### Records for this exercise
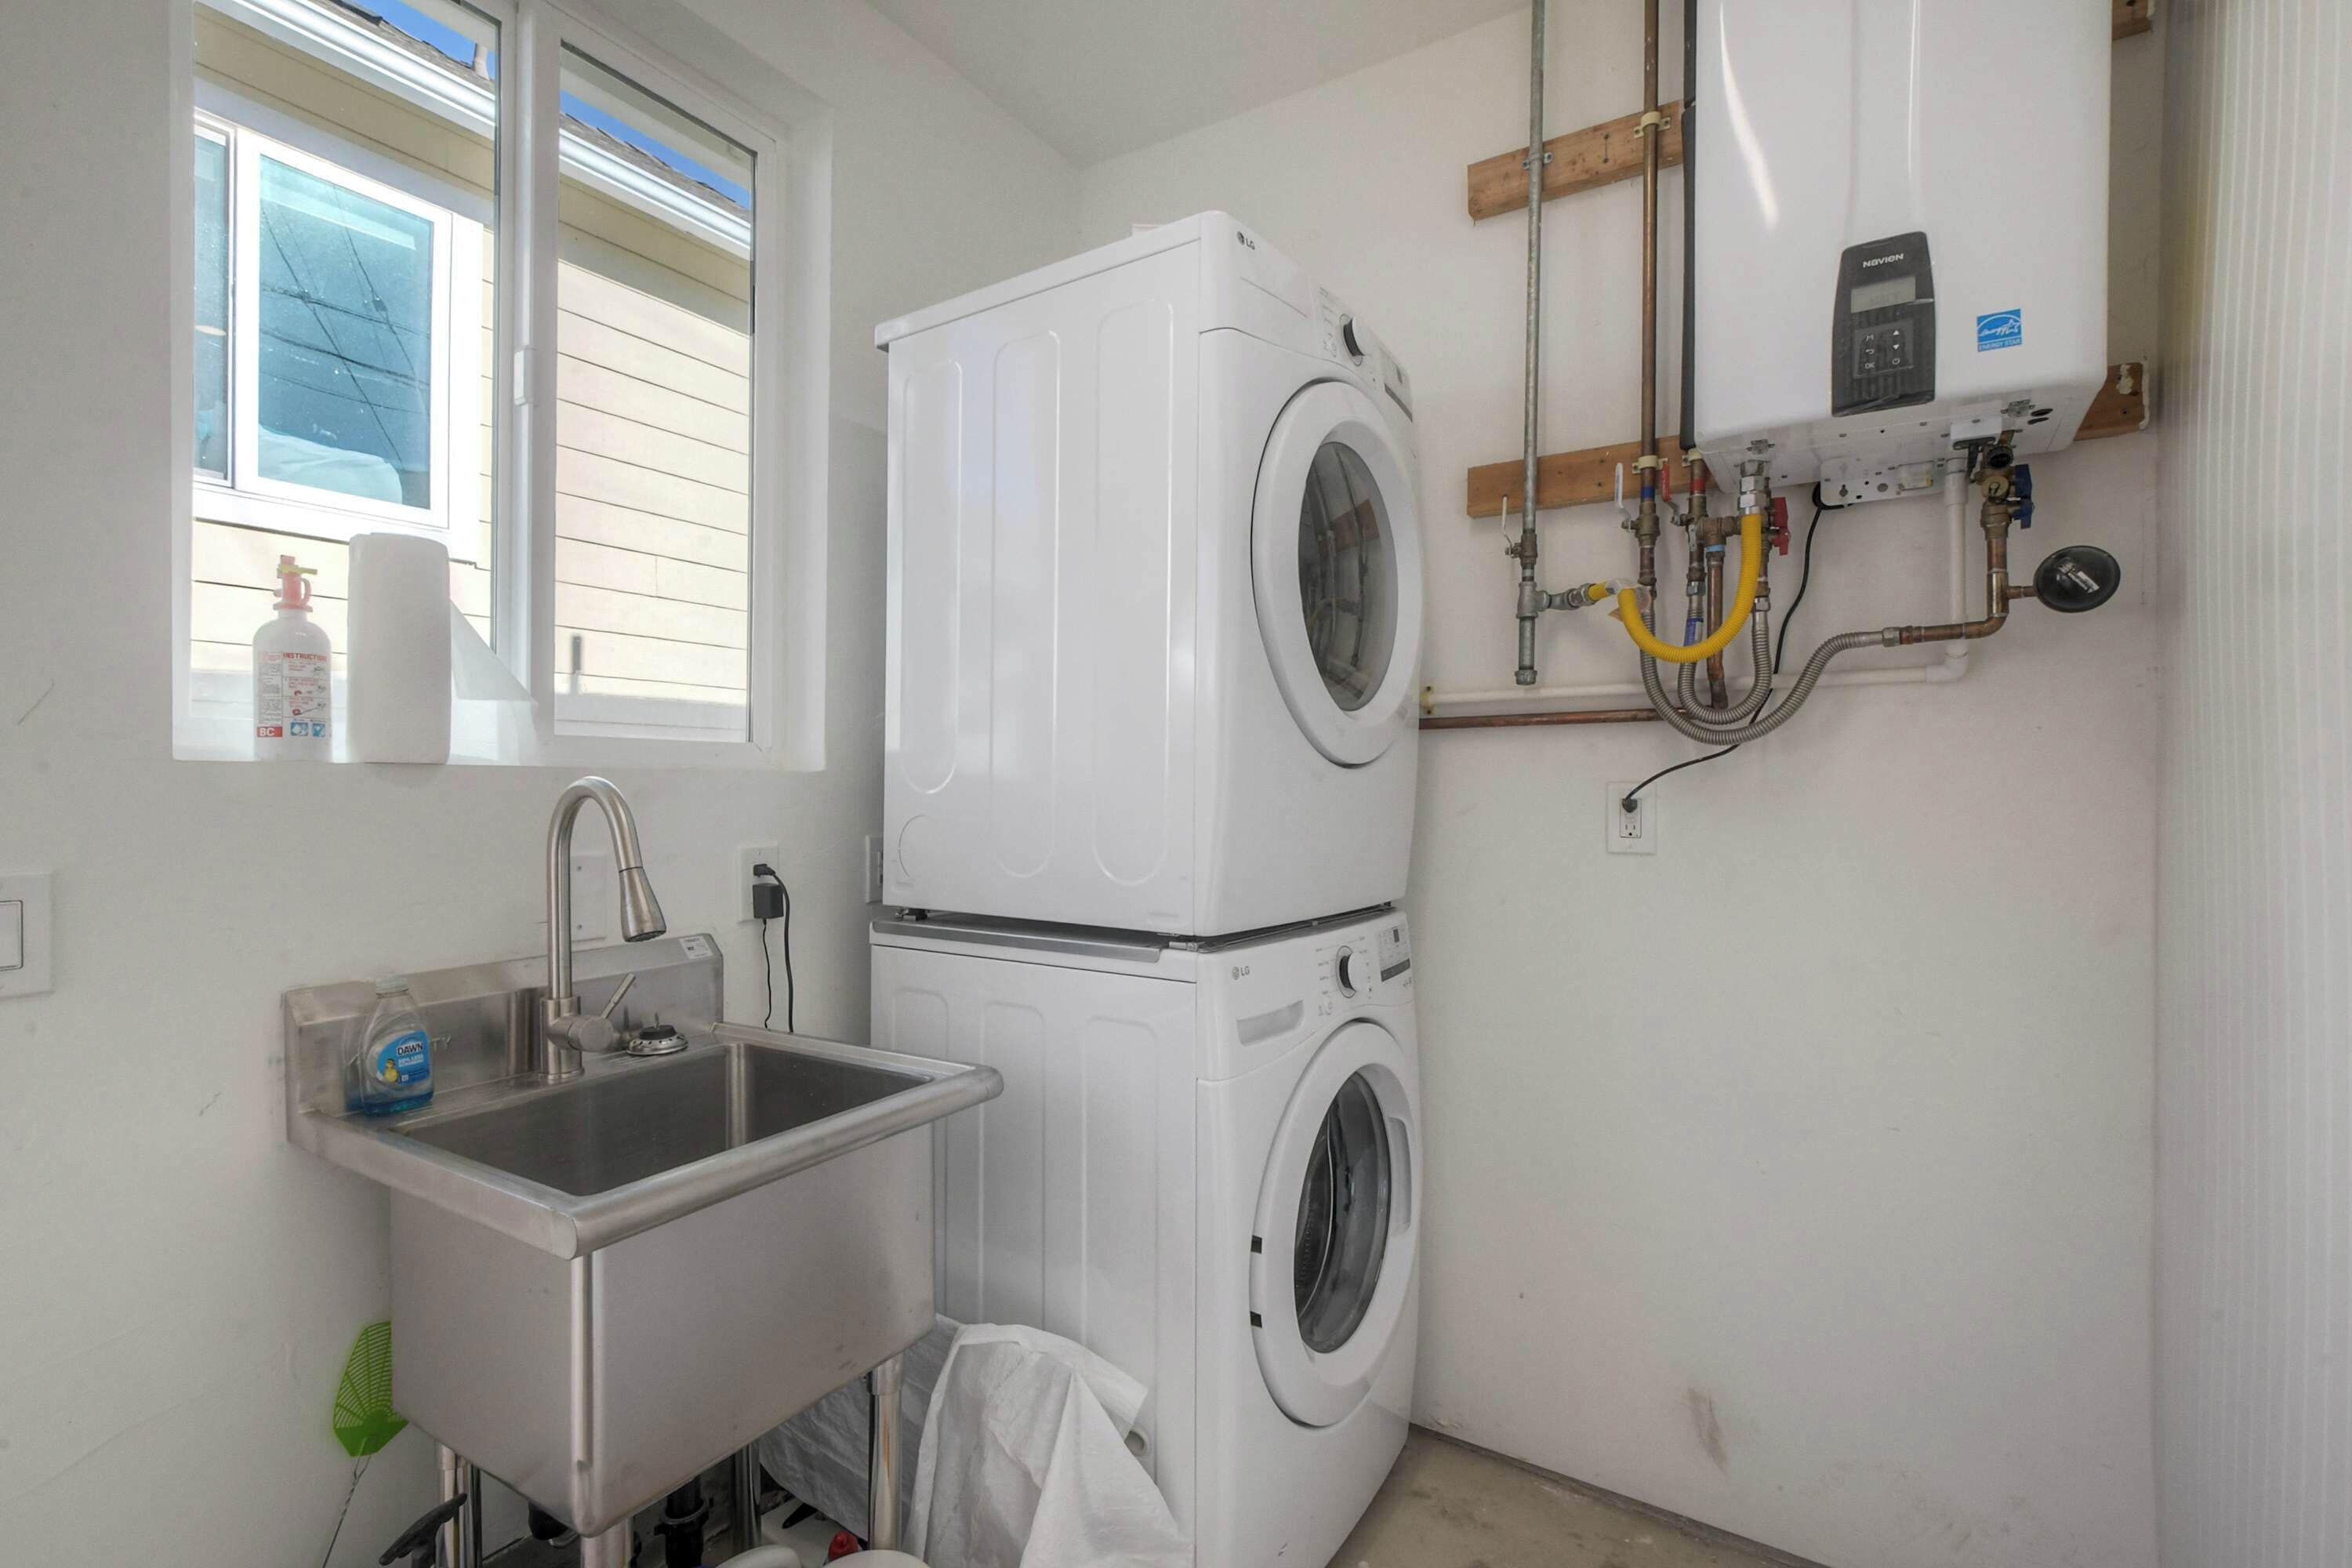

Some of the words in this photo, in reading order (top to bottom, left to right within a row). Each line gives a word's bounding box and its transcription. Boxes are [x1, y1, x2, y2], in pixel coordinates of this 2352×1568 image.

[1246, 238, 1255, 250] LG
[1979, 341, 2003, 350] ENERGY
[2005, 339, 2021, 347] STAR
[259, 727, 275, 737] BC
[1240, 965, 1250, 976] LG
[397, 1042, 423, 1055] DAWN
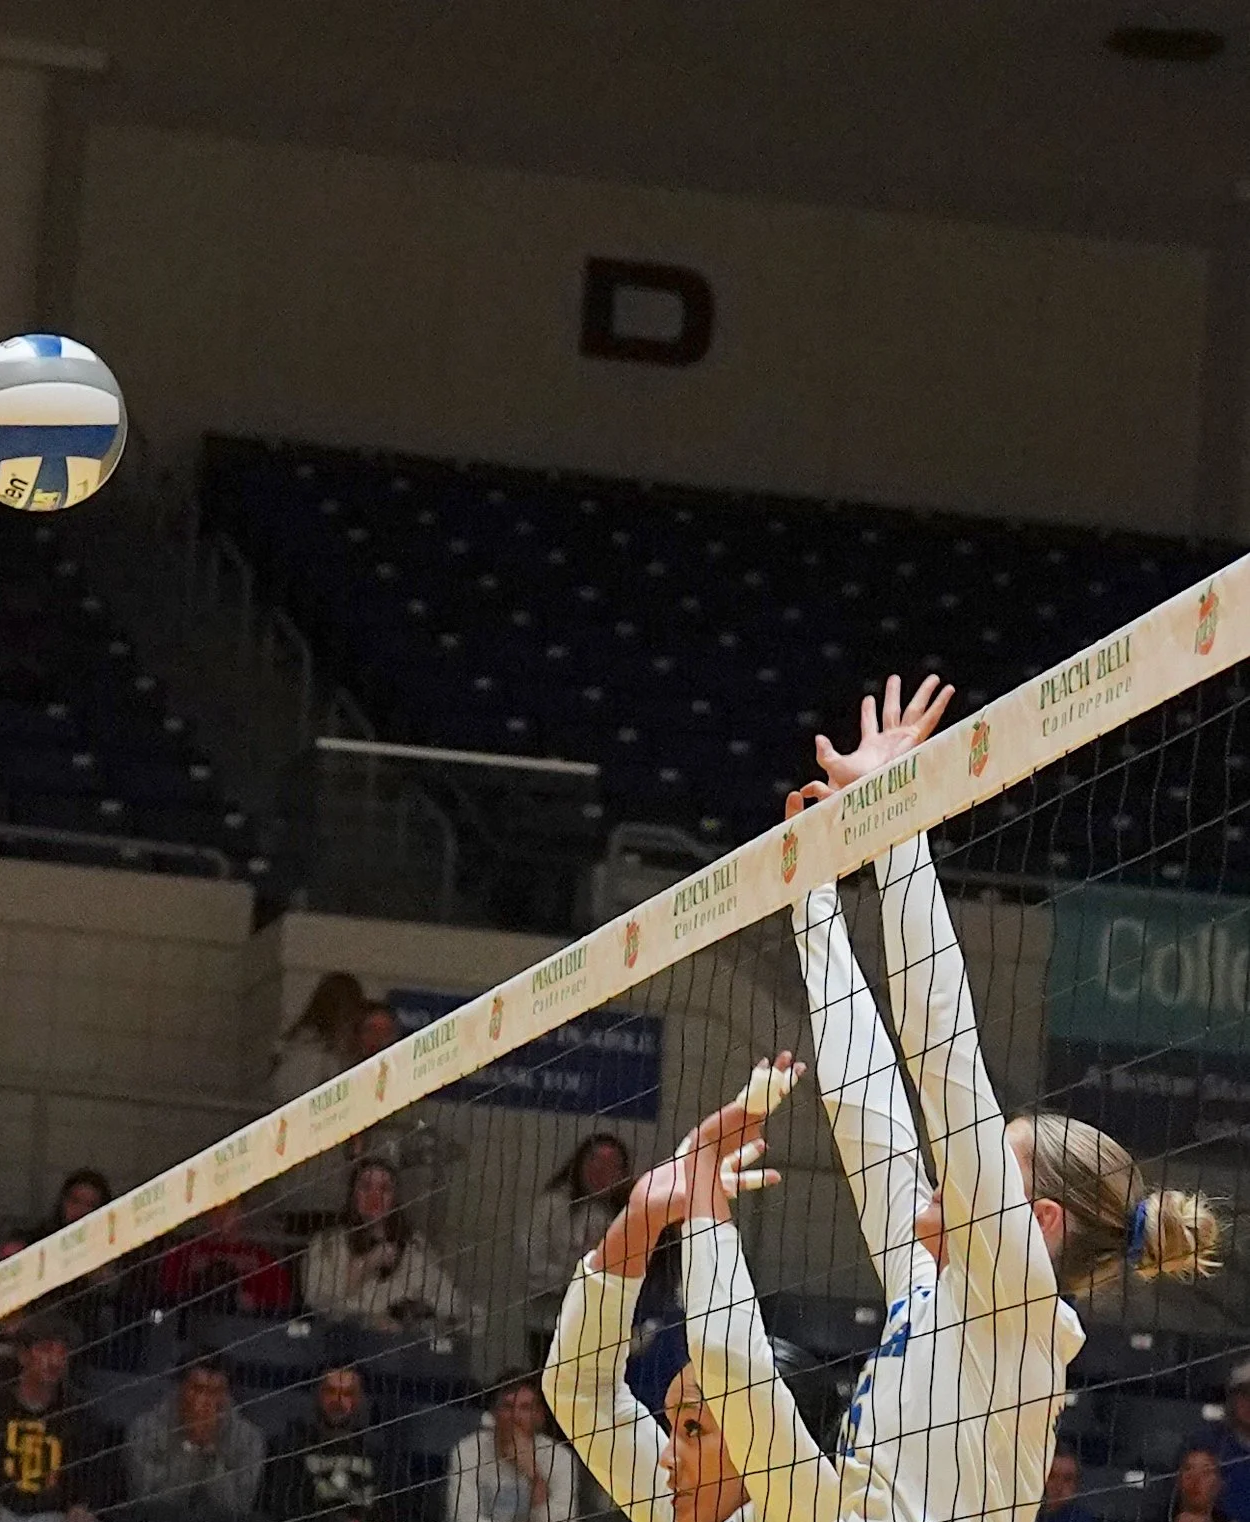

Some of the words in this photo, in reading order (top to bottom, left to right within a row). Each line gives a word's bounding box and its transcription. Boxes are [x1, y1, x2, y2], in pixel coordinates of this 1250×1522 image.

[580, 256, 714, 367] D
[1040, 657, 1090, 710] PEACH
[1097, 633, 1132, 680] BELT

### Your objective
If a record holds a picture, drop the picture and reproduce everything else exactly.

### Written reply
Some of the words in this photo, in reading order (top to bottom, left to right within a row). Each line gives a word's bounding box and its transcription. Boxes are [x1, y1, x2, y2], in pixel coordinates of this 2352×1568 image.

[1246, 238, 1255, 250] LG
[1979, 341, 2003, 350] ENERGY
[2005, 339, 2021, 347] STAR
[259, 727, 275, 737] BC
[1240, 965, 1250, 976] LG
[397, 1042, 423, 1055] DAWN

Some of the words in this photo, in reading order (top to bottom, left to right within a row). Each line gives a word's bounding box and its transcription. Boxes are [x1, y1, x2, y2], in pixel coordinates of this 1250×1522 image.

[580, 256, 714, 367] D
[1040, 657, 1090, 710] PEACH
[1097, 633, 1132, 680] BELT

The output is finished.